Lisata Therapeutics, Inc. (Nasdaq: LSTA) (“Lisata” or the “Company”), a clinical-stage pharmaceutical company developing innovative therapies for the treatment of advanced solid tumors and other serious diseases, today announced that the U.S. Food and Drug Administration (the “FDA”) has granted Orphan Drug Designation (“ODD”) to LSTA1, the Company’s lead product candidate, for the treatment of osteosarcoma, a rare cancer that can develop in children, adolescents and young adults. LSTA1 recently received Rare Pediatric Disease Designation for osteosarcoma, as announced by the Company on March 21, 2024.
“We are thrilled to have received another favorable regulatory designation from the FDA. This underscores the significant unmet medical need and demand for better treatments for patients diagnosed with osteosarcoma,” stated Kristen K. Buck, M.D., Executive Vice President of R&D and Chief Medical Officer of Lisata. “Osteosarcoma, while rare, is a type of bone cancer that is often associated with high morbidity, early metastasis, rapid progression, and poor prognosis.
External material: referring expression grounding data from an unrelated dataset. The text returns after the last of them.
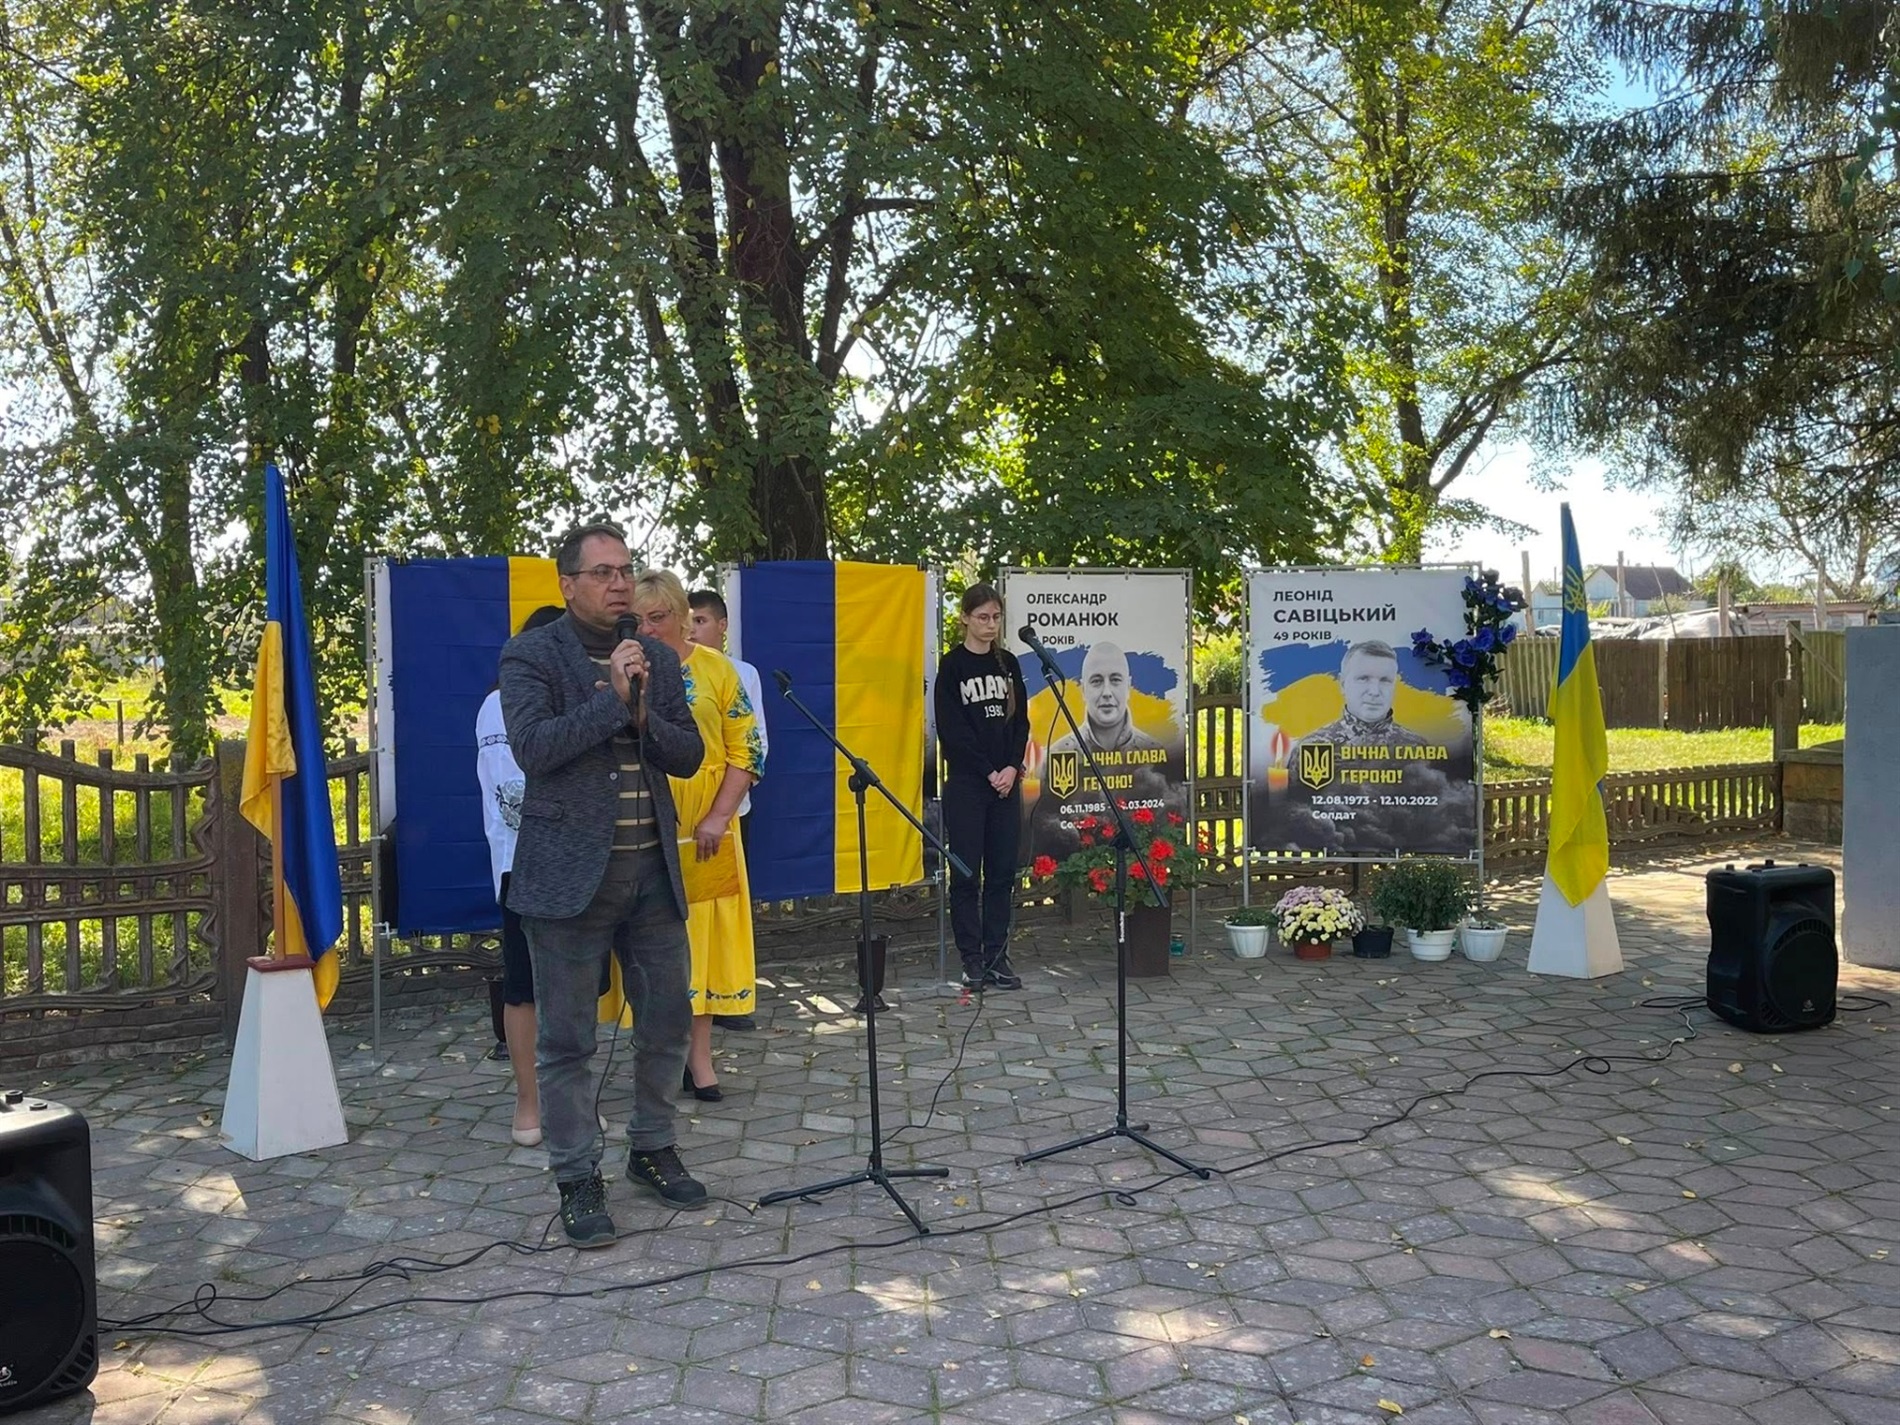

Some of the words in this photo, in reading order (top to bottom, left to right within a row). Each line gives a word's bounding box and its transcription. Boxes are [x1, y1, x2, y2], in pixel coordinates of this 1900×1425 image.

[1026, 593, 1107, 606] ОЛЕКСАНДР
[1273, 590, 1333, 602] ЛЕОНІД
[1027, 612, 1118, 627] РОМАНЮК
[1273, 603, 1396, 624] САВІЦЬКИЙ
[1042, 635, 1075, 645] РОКІВ
[1273, 632, 1289, 641] 49
[1292, 631, 1332, 640] РОКІВ
[960, 674, 1014, 705] MIAM
[1126, 749, 1168, 765] СЛАВА
[1341, 746, 1391, 760] ВІЧНА
[1395, 745, 1448, 760] СЛАВА
[1341, 769, 1403, 784] ГЕРОЮ!
[1060, 803, 1106, 814] 06.11.1985
[1116, 799, 1165, 810] .03.2024
[1312, 796, 1370, 805] 12.08.1973
[1380, 796, 1438, 805] 12.10.2022
[1312, 810, 1356, 820] Солдат
Receiving an ODD from the FDA is an important milestone as we plan for future clinical expansion of LSTA1, and we believe it reflects the broad clinical utility of LSTA1 for the treatment of a wide array of solid tumors.”
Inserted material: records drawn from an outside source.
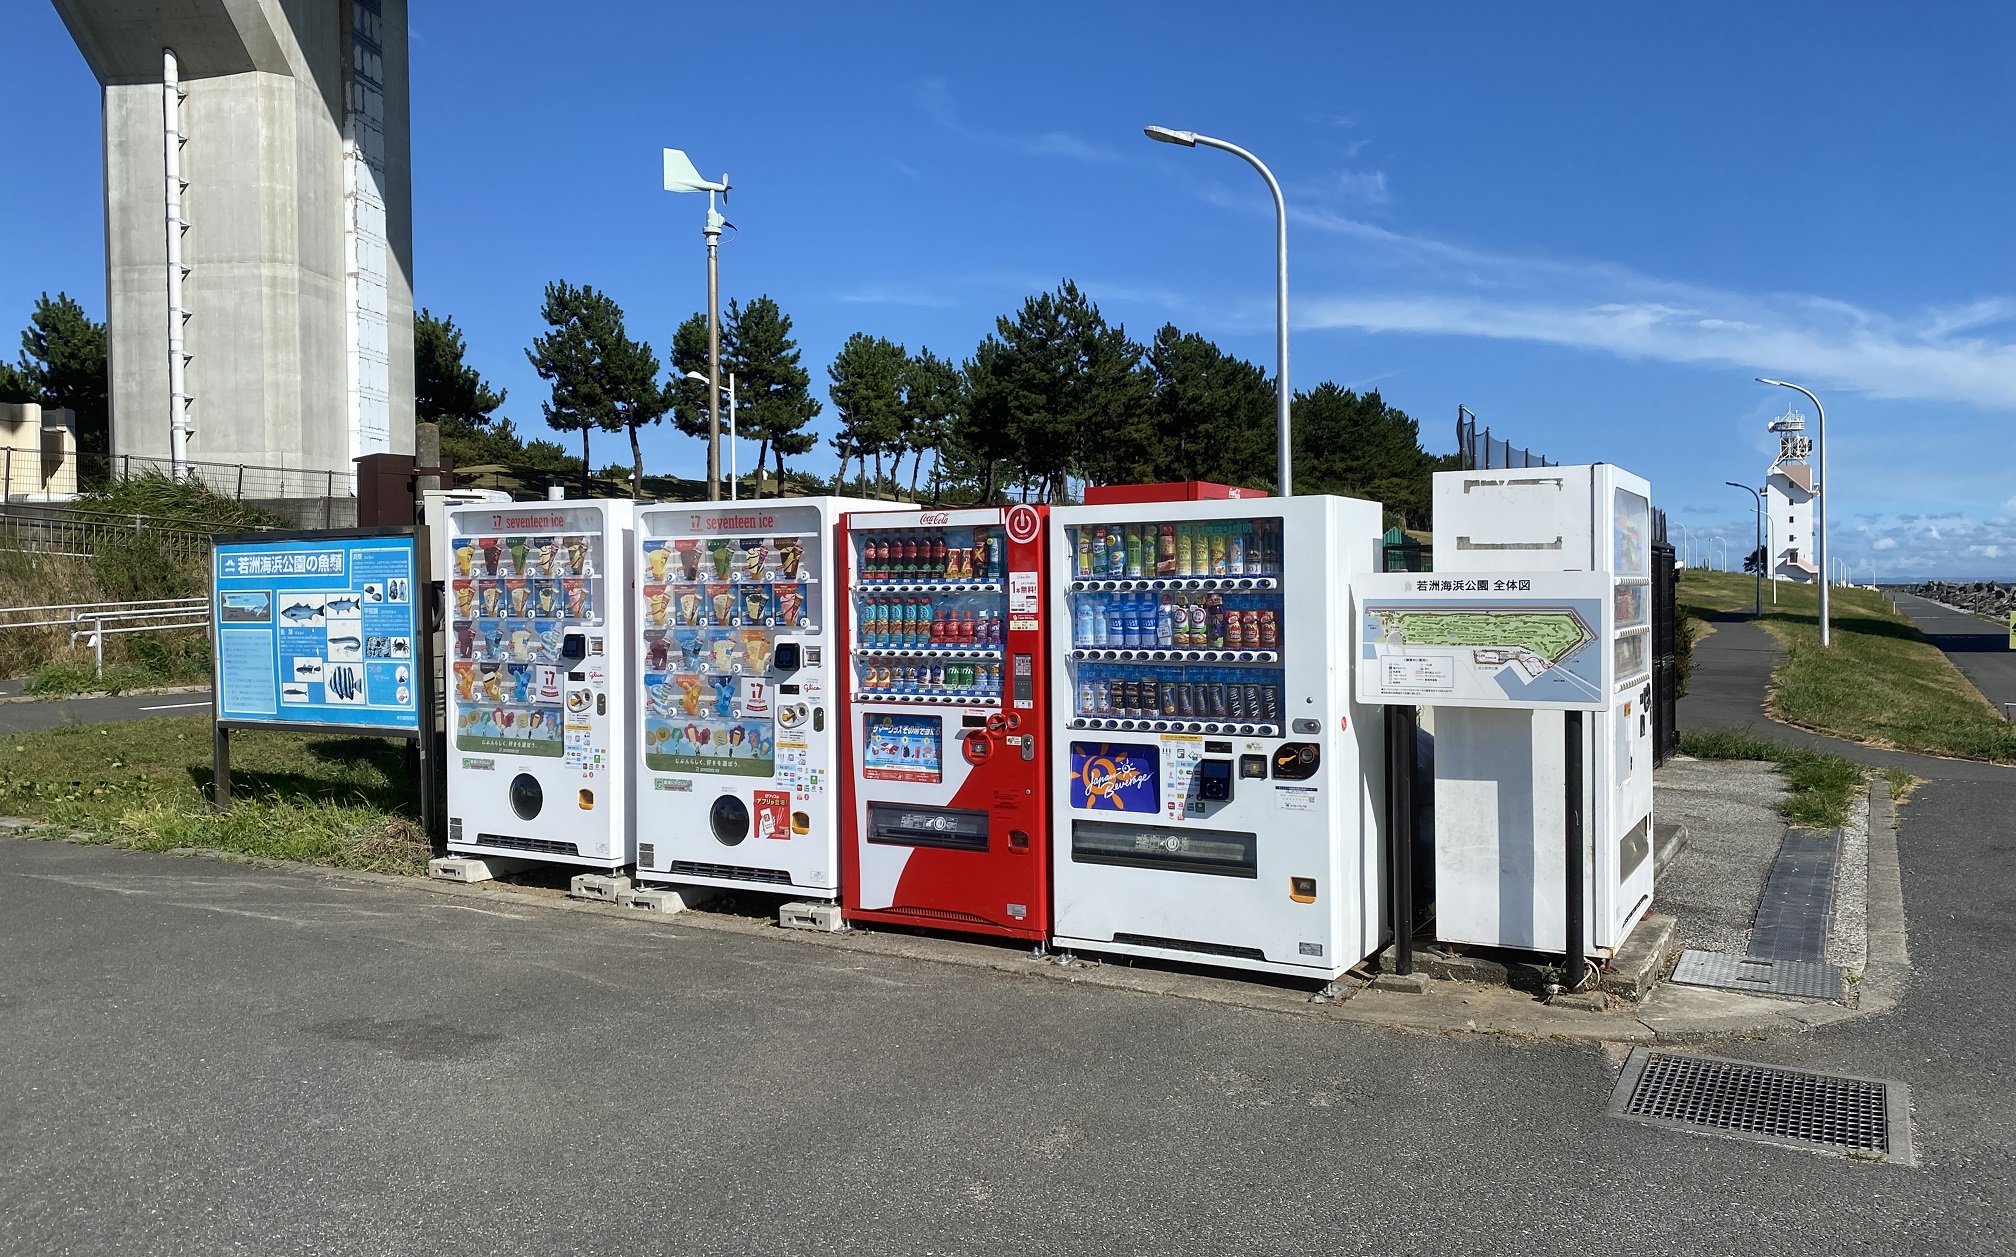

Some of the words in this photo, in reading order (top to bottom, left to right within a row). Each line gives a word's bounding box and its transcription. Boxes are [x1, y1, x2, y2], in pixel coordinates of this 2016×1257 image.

[506, 515, 548, 528] seventeen
[550, 512, 564, 527] ice
[706, 515, 756, 529] seventeen
[758, 512, 774, 528] ice
[237, 554, 342, 574] 若洲海浜公園の魚類
[1416, 579, 1489, 591] 若洲海浜公園
[1493, 579, 1531, 591] 全体図
[589, 671, 604, 679] Glico
[803, 684, 822, 692] Glico
[1085, 771, 1122, 797] Japan
[1100, 771, 1155, 799] Beverage
Orphan Drug Designation is granted by the FDA to drugs or biologics intended to treat a rare disease or condition, defined as one that affects fewer than 200,000 people in the United States. The designation can provide for a seven-year window of exclusive marketing rights post-approval as well as exemption from user fees and eligibility for tax credits for qualified clinical trials. In addition to the financial benefits, it also may potentially shorten clinical development due to closer collaboration with the FDA.
About LSTA1
LSTA1 is an investigational drug designed to activate a novel uptake pathway that allows co-administered or tethered (i.e., covalently bound) anti-cancer drugs to penetrate solid tumors more effectively. LSTA1 actuates this active transport system in a tumor-specific manner, resulting in systemically co-administered anti-cancer drugs more efficiently penetrating and accumulating in the tumor. LSTA1 also has the potential to modify the tumor microenvironment resulting in tumors which are more susceptible to immunotherapies. Lisata and its collaborators have amassed significant non-clinical data demonstrating enhanced delivery of a range of existing and emerging anti-cancer therapies, including chemotherapeutics, immunotherapies, and RNA-based therapeutics. Additionally, LSTA1 has demonstrated favorable safety, tolerability, and activity in clinical trials to enhance delivery of SoC chemotherapy for pancreatic cancer. Lisata is exploring the potential of LSTA1 to enable a variety of treatment modalities to treat a range of solid tumors more effectively. LSTA1 has been granted ODD for pancreatic cancer in the U.S. and Europe as well as for glioblastoma multiforme and osteosarcoma in the U.S. It also received a Fast Track designation from the FDA for pancreatic cancer and, just recently, a Rare Pediatric Disease designation from the FDA for osteosarcoma.
About Lisata Therapeutics
Lisata Therapeutics is a clinical-stage pharmaceutical company dedicated to the discovery, development and commercialization of innovative therapies for the treatment of advanced solid tumors and other major diseases. Lisata’s lead product candidate, LSTA1, is an investigational drug designed to activate a novel uptake pathway that allows co-administered or tethered anti-cancer drugs to target and penetrate solid tumors more effectively. Based on Lisata’s CendR Platform® Technology, Lisata has already established noteworthy commercial and R&D partnerships. The Company expects to announce numerous clinical study and business milestones over the next two years and has projected that its current business and development plan is funded with available capital through these milestones and into early 2026.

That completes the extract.